17–го июня 1844 года. Теперь нас очень занимают киргизы. Министр Киселев просил обратить особенное на них внимание по влиянию их на Большую Киргизскую орду, не находящуюся в наших пределах и занимающую огромное пространство по границе Оренбургской губернии, Сибири, Китая и других государств Средней Азии. Но есть другая орда, внутренняя, кочующая частию в Оренбургской губернии, частию в Астраханской, куда перешел хан Букей. Теперешний хан — сын его Джангир. Живет он на левой стороне Волги, верстах в 200 от Астрахани. Человек необыкновенно умный и образованный и стремящийся привлечь киргиз к оседлости. У него зимняя ставка при Нарым–песках, где он имеет великолепный дом и живет по–хански, правит своими киргизами, получает всевозможные журналы, угощает еженедельно русских и старается ввести в своем полудиком народе некоторое просвещение. Теперь около его дома кибиток со сто заменились сотнею же домов. Разумеется, ходит он в киргизском платье, не христианин, пьет кумыс сам, а гостей потчует шампанским и соблюдает киргизские обычаи, но не по убеждению, а потому, чтобы удержать киргизов в повиновении. Раз взбунтовались они за стремление к европейской цивилизации, хотя хан не употребляет никаких особенных принудительных средств. Сын его воспитывается в Петербурге, в одном из лучших военных заведений. Титул хана:высокостепенный, но киргизу необыкновенно лестен титул превосходительства: он генерал–майор, и смешно видеть его подпись на официальных бумагах и отношениях (у него своя русская канцелярия): «Генерал–Майор Хан Джангир». Все равно, но его управление смягчит дикость киргизских нравов, и так как киргизы наши подданные, то сделает их нам более полезными.

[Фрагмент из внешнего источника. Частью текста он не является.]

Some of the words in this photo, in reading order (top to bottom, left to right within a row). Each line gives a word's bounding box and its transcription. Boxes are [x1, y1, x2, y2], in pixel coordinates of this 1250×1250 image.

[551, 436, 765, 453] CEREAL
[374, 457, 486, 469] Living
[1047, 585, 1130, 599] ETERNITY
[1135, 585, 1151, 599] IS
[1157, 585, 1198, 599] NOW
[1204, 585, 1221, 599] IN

1–го июля 1844 года. Вчера был праздник, 1–е июля. Поутру у князя был прием, потом мы все отправились к обедне в мундирах. Служил Смарагд, здешний архиерей, умный и ловкий человек, в этом чудесном соборе, где есть какое–то странное католическое заведение: кафедра совершенно так, как в католических церквах. Не знаю, позволяется ли это у нас, и что этому причиной: не влияние ли иезуитов, бывших некогда здесь во множестве и обративших едва ли не половину армян в католическую веру? […]

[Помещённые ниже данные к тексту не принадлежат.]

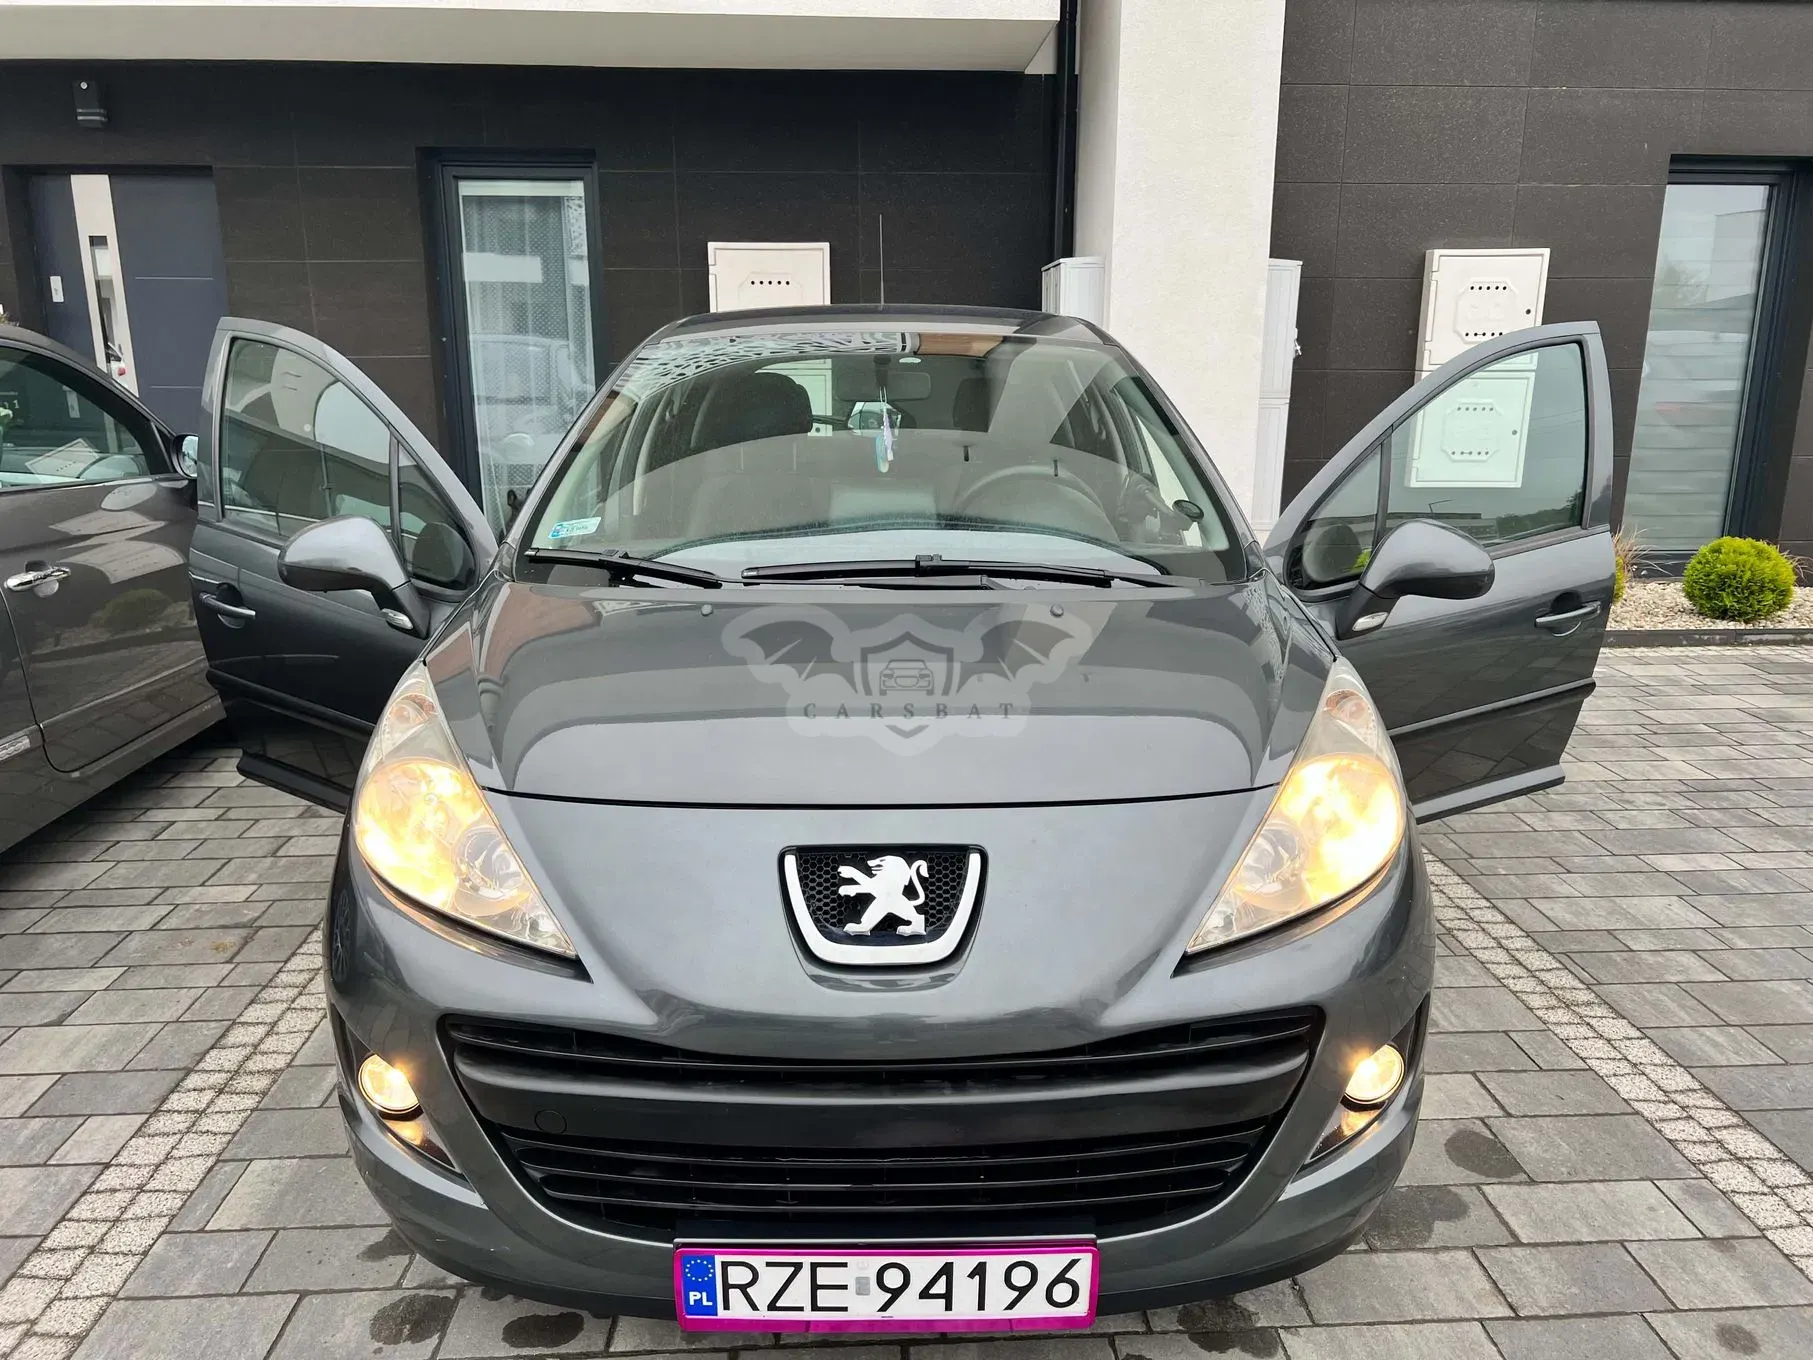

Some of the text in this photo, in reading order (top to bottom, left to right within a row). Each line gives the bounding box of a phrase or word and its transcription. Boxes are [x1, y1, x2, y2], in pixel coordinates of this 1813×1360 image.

[689, 1292, 713, 1306] PL
[721, 1258, 1082, 1312] RZE 94196

Знаете ли вы, что в Астрахани еще очень недавно, несколько лет тому назад, были английские [точнее, шотландские — rus_turk] миссионеры? Это не были наши пьяные священники или расстриги, вроде Иакинфа, беспечные и большею частию даже без нравственного, истинного образования. Последней из миссионеров был Гион, кажется, человек обширной учености, старец кроткий, терпеливый, преданный своему призванию, строгих нравов, мудрый старец. Немудрено, что речь такого человека, спокойная, проникнутая любовью и убеждением, действовала на здешних магометан и идолопоклонников. Теперь в Казани есть отличнейший профессор восточных языков (забыл фамилию, чуть ли не Катанибэк). [Речь идет об Александре Касимовиче Казембеке — rus_turk]. Протестант, родом персиянин, обращенный Гионом, давшим ему вместе с духовным воспитанием европейское образование. Тихо и скромно жили они здесь, русские очень мало заботились их пребыванием, многие и вовсе не знали этого, но духовенству стало обидно наконец, и их вытеснили. Они, миссионеры, удалились на Кавказ, но правительство вытеснило их и оттуда, и Гион был отозван в Лондон. Разумеется, нам нельзя было этого терпеть, но надо подивиться этой обширной и деятельной политике англичан, потому что английское правительство имело здесь, вероятно, и политическую цель: обнять своим влиянием Азию с обоих концов. Замечательно, что обращаемые нашими священниками калмыки нисколько от того лучше не становятся и частехонько после крещеная убегают в свои улусы и снова в кибитках поклоняются своим бурханам. Недавно двое калмычат–певчих в здешнем соборе, знающих наизусть все тропари и песнопения, предпочли степи соборному клиросу и бежали!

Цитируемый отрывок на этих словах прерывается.